• What the exercise asks: Every line of the listing is to be printed again exactly.
<<<<
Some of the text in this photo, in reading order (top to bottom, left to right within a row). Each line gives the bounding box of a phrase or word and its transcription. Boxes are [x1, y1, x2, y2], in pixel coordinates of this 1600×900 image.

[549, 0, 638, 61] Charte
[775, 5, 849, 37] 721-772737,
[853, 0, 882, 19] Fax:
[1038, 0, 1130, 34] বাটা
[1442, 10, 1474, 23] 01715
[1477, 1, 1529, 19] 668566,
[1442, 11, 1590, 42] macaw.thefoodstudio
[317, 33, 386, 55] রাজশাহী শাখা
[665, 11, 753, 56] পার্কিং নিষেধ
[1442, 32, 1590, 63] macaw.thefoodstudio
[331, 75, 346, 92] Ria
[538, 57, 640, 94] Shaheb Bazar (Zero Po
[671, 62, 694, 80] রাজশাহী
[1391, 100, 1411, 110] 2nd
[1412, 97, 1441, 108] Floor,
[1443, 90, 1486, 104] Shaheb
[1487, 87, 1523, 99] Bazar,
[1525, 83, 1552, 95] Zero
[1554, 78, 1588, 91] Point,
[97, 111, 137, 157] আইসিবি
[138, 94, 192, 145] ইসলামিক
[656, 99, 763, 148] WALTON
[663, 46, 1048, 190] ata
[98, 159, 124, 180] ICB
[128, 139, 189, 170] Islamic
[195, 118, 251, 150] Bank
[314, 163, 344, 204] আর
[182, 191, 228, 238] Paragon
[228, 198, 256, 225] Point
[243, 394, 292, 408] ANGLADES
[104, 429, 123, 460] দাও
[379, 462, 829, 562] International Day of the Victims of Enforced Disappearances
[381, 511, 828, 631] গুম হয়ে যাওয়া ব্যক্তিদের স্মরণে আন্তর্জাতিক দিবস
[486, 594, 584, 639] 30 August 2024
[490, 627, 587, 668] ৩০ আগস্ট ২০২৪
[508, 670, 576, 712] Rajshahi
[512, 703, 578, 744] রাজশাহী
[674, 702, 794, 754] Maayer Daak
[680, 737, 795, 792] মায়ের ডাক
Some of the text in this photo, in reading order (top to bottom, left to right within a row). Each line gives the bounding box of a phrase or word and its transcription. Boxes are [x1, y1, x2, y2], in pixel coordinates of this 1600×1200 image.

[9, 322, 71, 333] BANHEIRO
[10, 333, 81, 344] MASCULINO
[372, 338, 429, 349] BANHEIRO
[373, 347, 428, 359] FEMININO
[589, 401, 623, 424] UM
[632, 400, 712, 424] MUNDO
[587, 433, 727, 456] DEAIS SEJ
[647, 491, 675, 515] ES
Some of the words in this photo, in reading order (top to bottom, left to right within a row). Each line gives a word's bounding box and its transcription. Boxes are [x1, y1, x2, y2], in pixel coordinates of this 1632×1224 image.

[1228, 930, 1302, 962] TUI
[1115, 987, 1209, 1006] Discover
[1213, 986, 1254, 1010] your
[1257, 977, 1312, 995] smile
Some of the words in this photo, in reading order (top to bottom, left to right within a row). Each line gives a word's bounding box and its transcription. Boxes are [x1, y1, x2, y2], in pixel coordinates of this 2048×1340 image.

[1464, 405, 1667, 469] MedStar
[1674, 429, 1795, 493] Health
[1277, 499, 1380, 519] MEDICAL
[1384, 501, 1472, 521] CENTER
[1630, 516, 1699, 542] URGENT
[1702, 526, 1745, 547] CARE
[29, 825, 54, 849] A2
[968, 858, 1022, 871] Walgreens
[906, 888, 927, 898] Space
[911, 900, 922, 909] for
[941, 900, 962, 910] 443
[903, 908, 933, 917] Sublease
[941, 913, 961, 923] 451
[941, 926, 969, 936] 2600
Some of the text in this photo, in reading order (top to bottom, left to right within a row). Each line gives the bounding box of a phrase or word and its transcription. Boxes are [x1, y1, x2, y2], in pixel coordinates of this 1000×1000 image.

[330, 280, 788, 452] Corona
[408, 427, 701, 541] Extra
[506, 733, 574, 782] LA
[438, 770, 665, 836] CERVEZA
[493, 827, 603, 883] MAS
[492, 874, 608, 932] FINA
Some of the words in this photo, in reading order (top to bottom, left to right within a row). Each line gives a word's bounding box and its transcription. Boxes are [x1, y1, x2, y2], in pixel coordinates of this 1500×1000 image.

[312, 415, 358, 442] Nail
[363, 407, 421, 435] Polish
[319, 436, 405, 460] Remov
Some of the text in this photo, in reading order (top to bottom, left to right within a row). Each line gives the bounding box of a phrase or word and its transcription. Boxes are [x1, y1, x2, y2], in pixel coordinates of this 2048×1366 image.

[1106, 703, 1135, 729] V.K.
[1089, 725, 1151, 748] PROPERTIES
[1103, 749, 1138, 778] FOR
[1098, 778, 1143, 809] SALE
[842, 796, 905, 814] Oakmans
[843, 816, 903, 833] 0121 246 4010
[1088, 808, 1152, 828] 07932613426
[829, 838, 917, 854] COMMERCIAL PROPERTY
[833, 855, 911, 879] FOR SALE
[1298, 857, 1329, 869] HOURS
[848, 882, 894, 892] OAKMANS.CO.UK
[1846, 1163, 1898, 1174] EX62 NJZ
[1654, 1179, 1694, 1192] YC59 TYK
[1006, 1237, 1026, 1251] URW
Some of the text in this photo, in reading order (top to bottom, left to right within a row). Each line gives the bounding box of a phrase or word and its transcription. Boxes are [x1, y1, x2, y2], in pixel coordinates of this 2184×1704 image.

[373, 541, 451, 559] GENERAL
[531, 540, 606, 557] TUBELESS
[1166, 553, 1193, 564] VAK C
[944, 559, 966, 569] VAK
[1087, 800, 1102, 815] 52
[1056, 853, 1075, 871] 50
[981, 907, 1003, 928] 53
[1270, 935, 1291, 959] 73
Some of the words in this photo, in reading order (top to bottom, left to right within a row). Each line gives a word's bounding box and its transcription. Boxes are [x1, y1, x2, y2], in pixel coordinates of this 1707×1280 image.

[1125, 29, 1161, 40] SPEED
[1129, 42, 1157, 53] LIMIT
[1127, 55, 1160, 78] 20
>>>>
• Response to this task:
Some of the text in this photo, in reading order (top to bottom, left to right within a row). Each line gives the bounding box of a phrase or word and its transcription. Boxes are [x1, y1, x2, y2], in pixel coordinates of this 1600×900 image.

[549, 0, 638, 61] Charte
[775, 5, 849, 37] 721-772737,
[853, 0, 882, 19] Fax:
[1038, 0, 1130, 34] বাটা
[1442, 10, 1474, 23] 01715
[1477, 1, 1529, 19] 668566,
[1442, 11, 1590, 42] macaw.thefoodstudio
[317, 33, 386, 55] রাজশাহী শাখা
[665, 11, 753, 56] পার্কিং নিষেধ
[1442, 32, 1590, 63] macaw.thefoodstudio
[331, 75, 346, 92] Ria
[538, 57, 640, 94] Shaheb Bazar (Zero Po
[671, 62, 694, 80] রাজশাহী
[1391, 100, 1411, 110] 2nd
[1412, 97, 1441, 108] Floor,
[1443, 90, 1486, 104] Shaheb
[1487, 87, 1523, 99] Bazar,
[1525, 83, 1552, 95] Zero
[1554, 78, 1588, 91] Point,
[97, 111, 137, 157] আইসিবি
[138, 94, 192, 145] ইসলামিক
[656, 99, 763, 148] WALTON
[663, 46, 1048, 190] ata
[98, 159, 124, 180] ICB
[128, 139, 189, 170] Islamic
[195, 118, 251, 150] Bank
[314, 163, 344, 204] আর
[182, 191, 228, 238] Paragon
[228, 198, 256, 225] Point
[243, 394, 292, 408] ANGLADES
[104, 429, 123, 460] দাও
[379, 462, 829, 562] International Day of the Victims of Enforced Disappearances
[381, 511, 828, 631] গুম হয়ে যাওয়া ব্যক্তিদের স্মরণে আন্তর্জাতিক দিবস
[486, 594, 584, 639] 30 August 2024
[490, 627, 587, 668] ৩০ আগস্ট ২০২৪
[508, 670, 576, 712] Rajshahi
[512, 703, 578, 744] রাজশাহী
[674, 702, 794, 754] Maayer Daak
[680, 737, 795, 792] মায়ের ডাক
Some of the text in this photo, in reading order (top to bottom, left to right within a row). Each line gives the bounding box of a phrase or word and its transcription. Boxes are [x1, y1, x2, y2], in pixel coordinates of this 1600×1200 image.

[9, 322, 71, 333] BANHEIRO
[10, 333, 81, 344] MASCULINO
[372, 338, 429, 349] BANHEIRO
[373, 347, 428, 359] FEMININO
[589, 401, 623, 424] UM
[632, 400, 712, 424] MUNDO
[587, 433, 727, 456] DEAIS SEJ
[647, 491, 675, 515] ES
Some of the words in this photo, in reading order (top to bottom, left to right within a row). Each line gives a word's bounding box and its transcription. Boxes are [x1, y1, x2, y2], in pixel coordinates of this 1632×1224 image.

[1228, 930, 1302, 962] TUI
[1115, 987, 1209, 1006] Discover
[1213, 986, 1254, 1010] your
[1257, 977, 1312, 995] smile
Some of the words in this photo, in reading order (top to bottom, left to right within a row). Each line gives a word's bounding box and its transcription. Boxes are [x1, y1, x2, y2], in pixel coordinates of this 2048×1340 image.

[1464, 405, 1667, 469] MedStar
[1674, 429, 1795, 493] Health
[1277, 499, 1380, 519] MEDICAL
[1384, 501, 1472, 521] CENTER
[1630, 516, 1699, 542] URGENT
[1702, 526, 1745, 547] CARE
[29, 825, 54, 849] A2
[968, 858, 1022, 871] Walgreens
[906, 888, 927, 898] Space
[911, 900, 922, 909] for
[941, 900, 962, 910] 443
[903, 908, 933, 917] Sublease
[941, 913, 961, 923] 451
[941, 926, 969, 936] 2600
Some of the text in this photo, in reading order (top to bottom, left to right within a row). Each line gives the bounding box of a phrase or word and its transcription. Boxes are [x1, y1, x2, y2], in pixel coordinates of this 1000×1000 image.

[330, 280, 788, 452] Corona
[408, 427, 701, 541] Extra
[506, 733, 574, 782] LA
[438, 770, 665, 836] CERVEZA
[493, 827, 603, 883] MAS
[492, 874, 608, 932] FINA
Some of the words in this photo, in reading order (top to bottom, left to right within a row). Each line gives a word's bounding box and its transcription. Boxes are [x1, y1, x2, y2], in pixel coordinates of this 1500×1000 image.

[312, 415, 358, 442] Nail
[363, 407, 421, 435] Polish
[319, 436, 405, 460] Remov
Some of the text in this photo, in reading order (top to bottom, left to right within a row). Each line gives the bounding box of a phrase or word and its transcription. Boxes are [x1, y1, x2, y2], in pixel coordinates of this 2048×1366 image.

[1106, 703, 1135, 729] V.K.
[1089, 725, 1151, 748] PROPERTIES
[1103, 749, 1138, 778] FOR
[1098, 778, 1143, 809] SALE
[842, 796, 905, 814] Oakmans
[843, 816, 903, 833] 0121 246 4010
[1088, 808, 1152, 828] 07932613426
[829, 838, 917, 854] COMMERCIAL PROPERTY
[833, 855, 911, 879] FOR SALE
[1298, 857, 1329, 869] HOURS
[848, 882, 894, 892] OAKMANS.CO.UK
[1846, 1163, 1898, 1174] EX62 NJZ
[1654, 1179, 1694, 1192] YC59 TYK
[1006, 1237, 1026, 1251] URW
Some of the text in this photo, in reading order (top to bottom, left to right within a row). Each line gives the bounding box of a phrase or word and its transcription. Boxes are [x1, y1, x2, y2], in pixel coordinates of this 2184×1704 image.

[373, 541, 451, 559] GENERAL
[531, 540, 606, 557] TUBELESS
[1166, 553, 1193, 564] VAK C
[944, 559, 966, 569] VAK
[1087, 800, 1102, 815] 52
[1056, 853, 1075, 871] 50
[981, 907, 1003, 928] 53
[1270, 935, 1291, 959] 73
Some of the words in this photo, in reading order (top to bottom, left to right within a row). Each line gives a word's bounding box and its transcription. Boxes are [x1, y1, x2, y2], in pixel coordinates of this 1707×1280 image.

[1125, 29, 1161, 40] SPEED
[1129, 42, 1157, 53] LIMIT
[1127, 55, 1160, 78] 20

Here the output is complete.